The next thing—and this one is critical—is the ability to see, understand, and manage the relationships and interdependencies that connect services and other software assets to each other, to the policies and standards that determine their design, development, and use, and to the composite applications in which services are consumed.

These relationships and interdependencies define the SOA, and governance holds everything together, organizing the swarm to keep it moving toward its objective. This takes a clear understanding of the SOA at both a macro and micro level. Macro governance is about the swarm. Micro governance is about the ants. Together they encompass the entire SOA lifecycle.

The Swarm and The Ants

At the macro level, this means understanding the overall goals of the SOA within the context of corporate business objectives. Typically, these goals are better business/IT alignment, an increased capacity for innovation, and maximum business agility. Macro-level governance must reflect those goals, guiding project and service investment decisions.

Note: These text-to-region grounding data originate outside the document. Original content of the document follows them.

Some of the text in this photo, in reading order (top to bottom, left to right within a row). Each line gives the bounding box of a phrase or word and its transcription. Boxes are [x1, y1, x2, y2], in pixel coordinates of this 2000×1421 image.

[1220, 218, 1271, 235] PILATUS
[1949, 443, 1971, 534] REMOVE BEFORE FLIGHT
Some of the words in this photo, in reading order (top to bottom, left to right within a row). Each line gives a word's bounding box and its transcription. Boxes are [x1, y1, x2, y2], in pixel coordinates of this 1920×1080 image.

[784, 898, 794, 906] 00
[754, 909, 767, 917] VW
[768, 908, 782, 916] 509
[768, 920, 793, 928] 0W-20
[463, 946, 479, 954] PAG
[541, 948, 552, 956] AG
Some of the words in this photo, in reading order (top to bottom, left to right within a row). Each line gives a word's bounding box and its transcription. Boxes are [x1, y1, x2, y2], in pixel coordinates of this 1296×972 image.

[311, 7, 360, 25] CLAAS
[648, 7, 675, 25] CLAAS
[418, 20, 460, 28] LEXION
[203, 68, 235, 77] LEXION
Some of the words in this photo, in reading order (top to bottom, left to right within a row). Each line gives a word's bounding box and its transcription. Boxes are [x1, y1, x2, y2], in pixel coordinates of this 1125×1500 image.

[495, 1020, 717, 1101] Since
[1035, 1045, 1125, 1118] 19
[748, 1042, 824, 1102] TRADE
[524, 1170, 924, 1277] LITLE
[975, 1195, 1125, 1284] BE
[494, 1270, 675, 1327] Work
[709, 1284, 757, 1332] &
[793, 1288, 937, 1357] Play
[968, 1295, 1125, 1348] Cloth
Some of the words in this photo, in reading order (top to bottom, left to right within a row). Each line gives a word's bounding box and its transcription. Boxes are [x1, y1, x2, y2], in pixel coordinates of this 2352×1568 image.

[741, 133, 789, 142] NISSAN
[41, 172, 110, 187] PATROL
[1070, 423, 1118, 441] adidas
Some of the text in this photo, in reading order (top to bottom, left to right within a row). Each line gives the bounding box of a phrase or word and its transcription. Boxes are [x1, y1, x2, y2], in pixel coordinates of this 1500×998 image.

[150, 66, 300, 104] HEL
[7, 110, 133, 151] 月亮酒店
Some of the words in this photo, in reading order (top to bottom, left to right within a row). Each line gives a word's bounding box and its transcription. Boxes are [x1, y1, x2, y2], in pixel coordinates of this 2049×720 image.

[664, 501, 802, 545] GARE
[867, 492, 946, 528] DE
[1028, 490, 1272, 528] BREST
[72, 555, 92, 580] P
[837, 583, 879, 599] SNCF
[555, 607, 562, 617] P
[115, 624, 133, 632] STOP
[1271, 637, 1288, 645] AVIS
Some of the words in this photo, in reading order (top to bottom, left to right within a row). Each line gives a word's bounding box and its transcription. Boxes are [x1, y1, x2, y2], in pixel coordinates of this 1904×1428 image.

Macro-level governance then feeds governance at the micro level, where governance must determine when, where, how and by whom services will be produced and consumed. Governance must then set, monitor, and enforce the performance requirements those services are expected to meet once they enter the service network.

Effective SOA governance touches everyone and everything in the swarm, and reaches down to the smallest components of the SOA. This involves the creation and application of the appropriate policies and standards to the software assets—services and everything else—in the enterprise portfolio.

Specific standards- and policy-compliant software assets can then be prescribed, during the project planning stage, for use in the development of services. Those services can then be similarly prescribed for use in the creation of composite applications. Governance is embedded in the original software assets, then passed on to the service, and through that service into the composite application.

Once a service is deployed in the operational environment a different set of standards and policies must be applied to maintain control over the SOA. Defining and enforcing standards and policies to ensure service availability, access, and performance instills trust in the available services. That trust increases reuse, further improving the SOA’s bottom-line benefits.